## What to work on
Print every line below exactly. Skip the pictures.

>>>

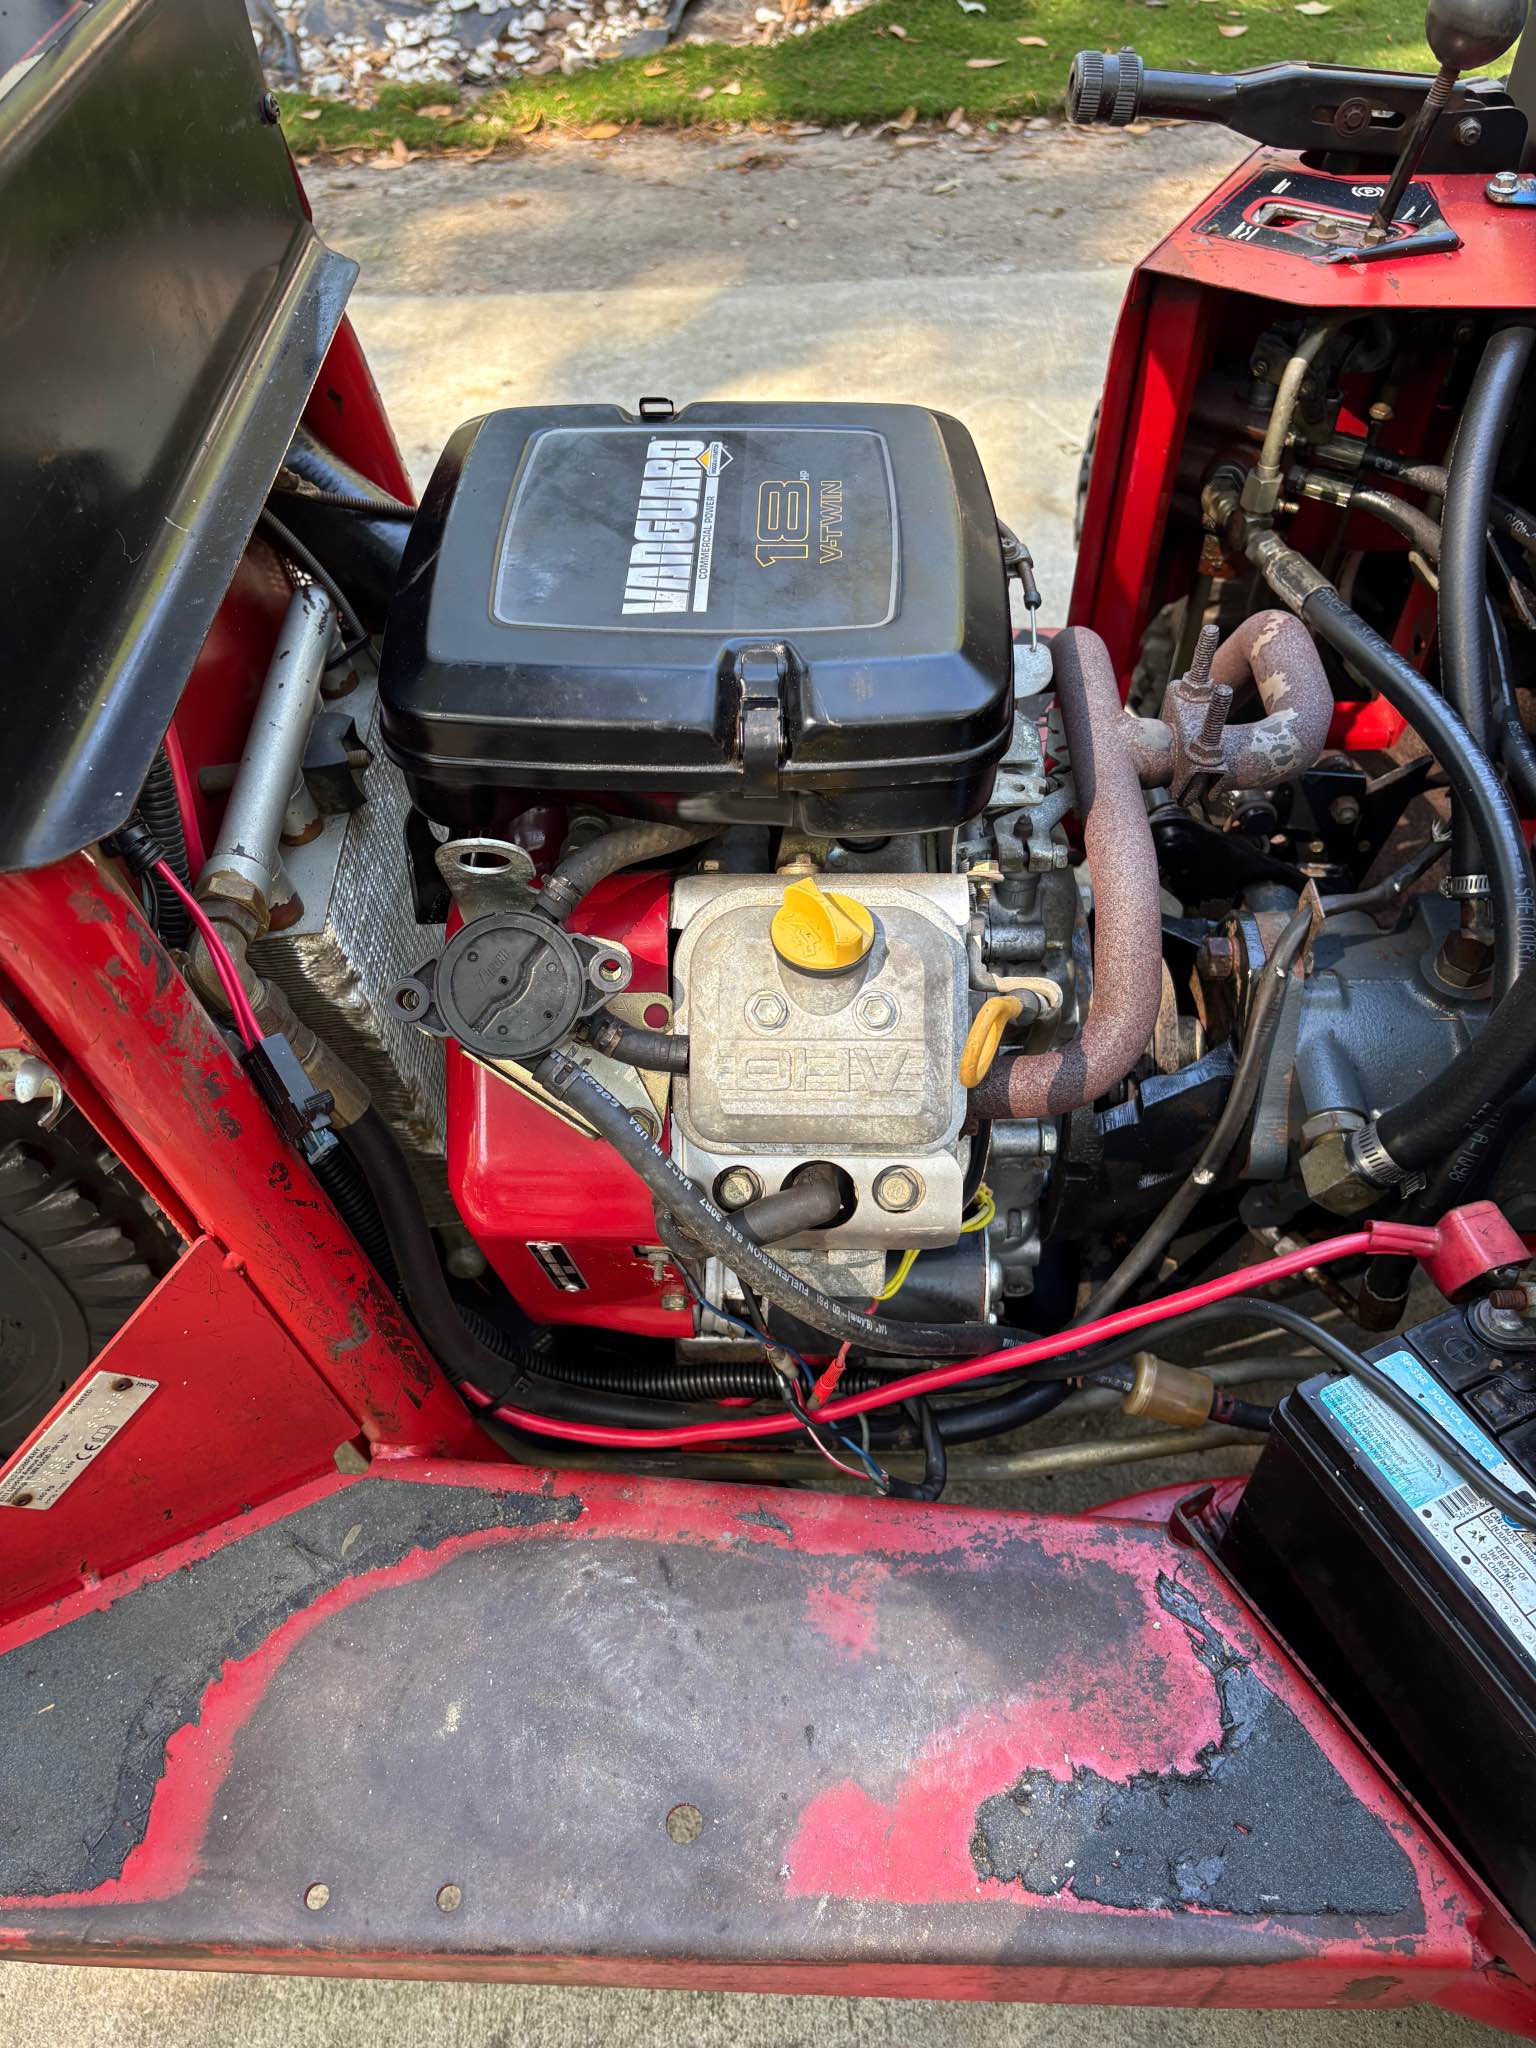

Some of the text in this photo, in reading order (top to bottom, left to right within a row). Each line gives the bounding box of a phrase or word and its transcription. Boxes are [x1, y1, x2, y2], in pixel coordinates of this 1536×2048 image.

[621, 438, 706, 615] VANGUARD
[698, 495, 715, 579] COMMERCIAL POWER
[754, 479, 810, 567] 18
[818, 479, 844, 565] V-TWIN
[741, 1045, 909, 1094] OHV
[625, 1114, 651, 1140] USA
[649, 1141, 664, 1156] IN
[698, 1195, 724, 1222] 30R7
[722, 1220, 745, 1242] SAE
[743, 1241, 811, 1296] FUEL/EMISSION
[1429, 1388, 1446, 1406] 300
[1481, 1445, 1495, 1461] CA
[15, 1446, 40, 1475] COMPANY
[1482, 1514, 1512, 1548] OR INJURY.
[1489, 1510, 1502, 1525] CAN
[1499, 1523, 1519, 1543] CAUSE
[1479, 1552, 1517, 1593] OF CHILDREN.
[1486, 1548, 1517, 1581] THE REACH
[1493, 1544, 1528, 1582] KEEP OUT OF

<<<

## Response for this exercise
Some of the text in this photo, in reading order (top to bottom, left to right within a row). Each line gives the bounding box of a phrase or word and its transcription. Boxes are [x1, y1, x2, y2], in pixel coordinates of this 1536×2048 image.

[621, 438, 706, 615] VANGUARD
[698, 495, 715, 579] COMMERCIAL POWER
[754, 479, 810, 567] 18
[818, 479, 844, 565] V-TWIN
[741, 1045, 909, 1094] OHV
[625, 1114, 651, 1140] USA
[649, 1141, 664, 1156] IN
[698, 1195, 724, 1222] 30R7
[722, 1220, 745, 1242] SAE
[743, 1241, 811, 1296] FUEL/EMISSION
[1429, 1388, 1446, 1406] 300
[1481, 1445, 1495, 1461] CA
[15, 1446, 40, 1475] COMPANY
[1482, 1514, 1512, 1548] OR INJURY.
[1489, 1510, 1502, 1525] CAN
[1499, 1523, 1519, 1543] CAUSE
[1479, 1552, 1517, 1593] OF CHILDREN.
[1486, 1548, 1517, 1581] THE REACH
[1493, 1544, 1528, 1582] KEEP OUT OF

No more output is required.